Records shown:
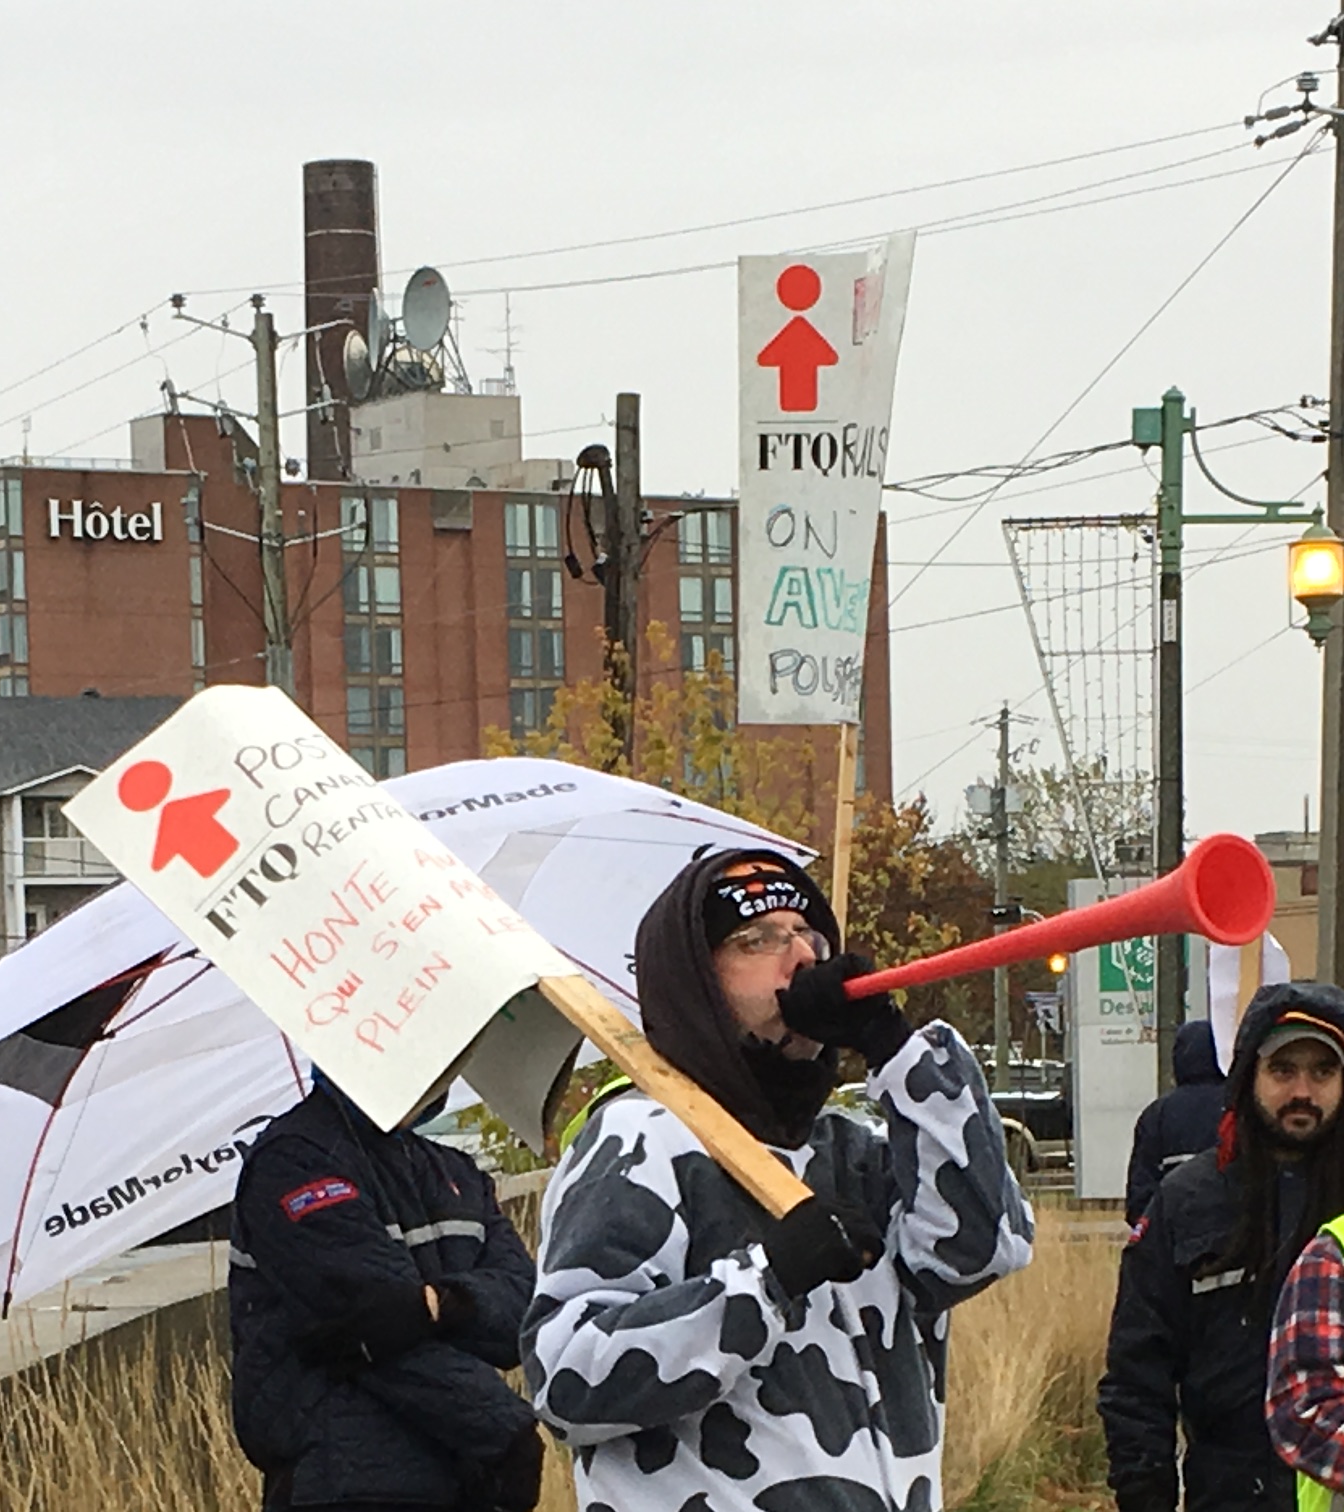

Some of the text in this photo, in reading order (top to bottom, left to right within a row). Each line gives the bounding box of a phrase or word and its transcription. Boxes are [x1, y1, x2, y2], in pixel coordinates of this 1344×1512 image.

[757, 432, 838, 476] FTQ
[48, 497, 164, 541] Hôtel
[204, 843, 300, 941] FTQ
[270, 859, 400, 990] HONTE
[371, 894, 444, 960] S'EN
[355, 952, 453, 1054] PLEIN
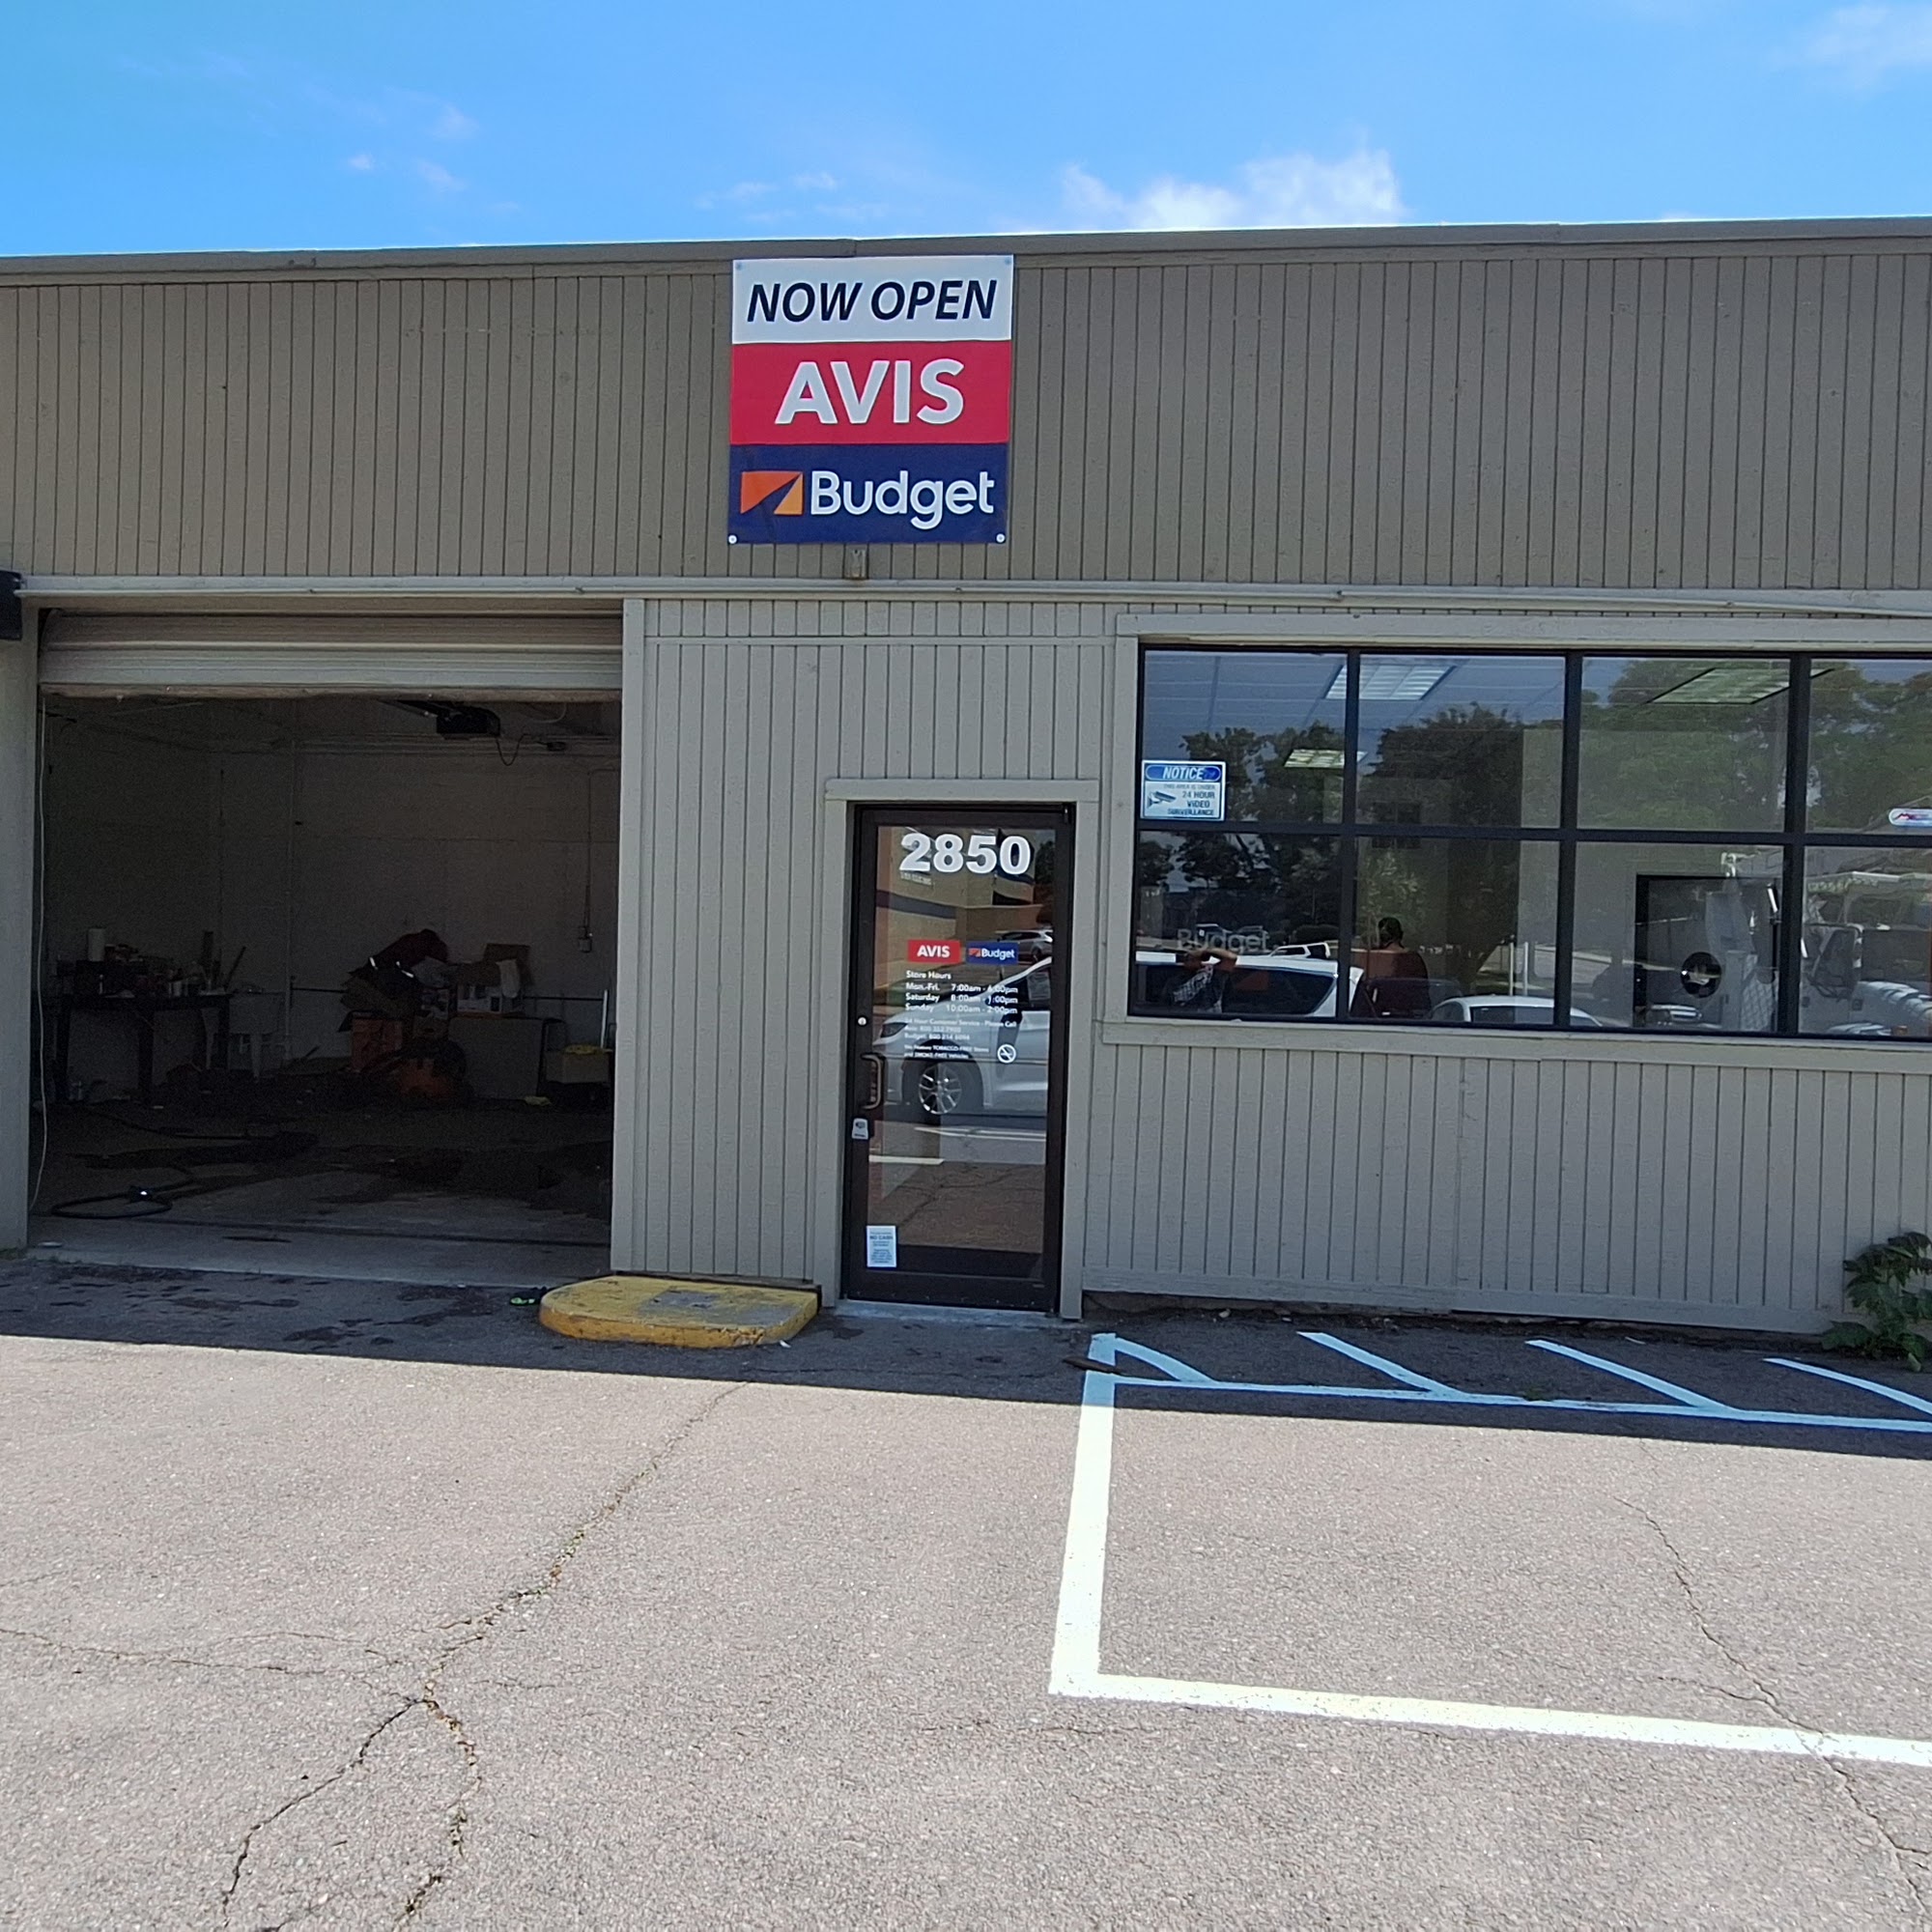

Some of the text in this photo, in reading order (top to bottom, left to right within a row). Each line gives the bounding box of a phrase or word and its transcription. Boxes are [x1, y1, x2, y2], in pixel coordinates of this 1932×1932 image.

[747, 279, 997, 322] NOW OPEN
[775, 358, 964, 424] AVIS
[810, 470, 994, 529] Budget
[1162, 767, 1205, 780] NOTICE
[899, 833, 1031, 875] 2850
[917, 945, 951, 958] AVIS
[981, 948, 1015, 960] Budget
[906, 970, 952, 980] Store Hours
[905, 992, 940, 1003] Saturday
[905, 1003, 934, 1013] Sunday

Task description: Set down the data above exactly as written. Omit the pictures.

The answer:
Some of the text in this photo, in reading order (top to bottom, left to right within a row). Each line gives the bounding box of a phrase or word and its transcription. Boxes are [x1, y1, x2, y2], in pixel coordinates of this 1344×1512 image.

[757, 432, 838, 476] FTQ
[48, 497, 164, 541] Hôtel
[204, 843, 300, 941] FTQ
[270, 859, 400, 990] HONTE
[371, 894, 444, 960] S'EN
[355, 952, 453, 1054] PLEIN

Some of the text in this photo, in reading order (top to bottom, left to right within a row). Each line gives the bounding box of a phrase or word and its transcription. Boxes are [x1, y1, x2, y2], in pixel coordinates of this 1932×1932 image.

[747, 279, 997, 322] NOW OPEN
[775, 358, 964, 424] AVIS
[810, 470, 994, 529] Budget
[1162, 767, 1205, 780] NOTICE
[899, 833, 1031, 875] 2850
[917, 945, 951, 958] AVIS
[981, 948, 1015, 960] Budget
[906, 970, 952, 980] Store Hours
[905, 992, 940, 1003] Saturday
[905, 1003, 934, 1013] Sunday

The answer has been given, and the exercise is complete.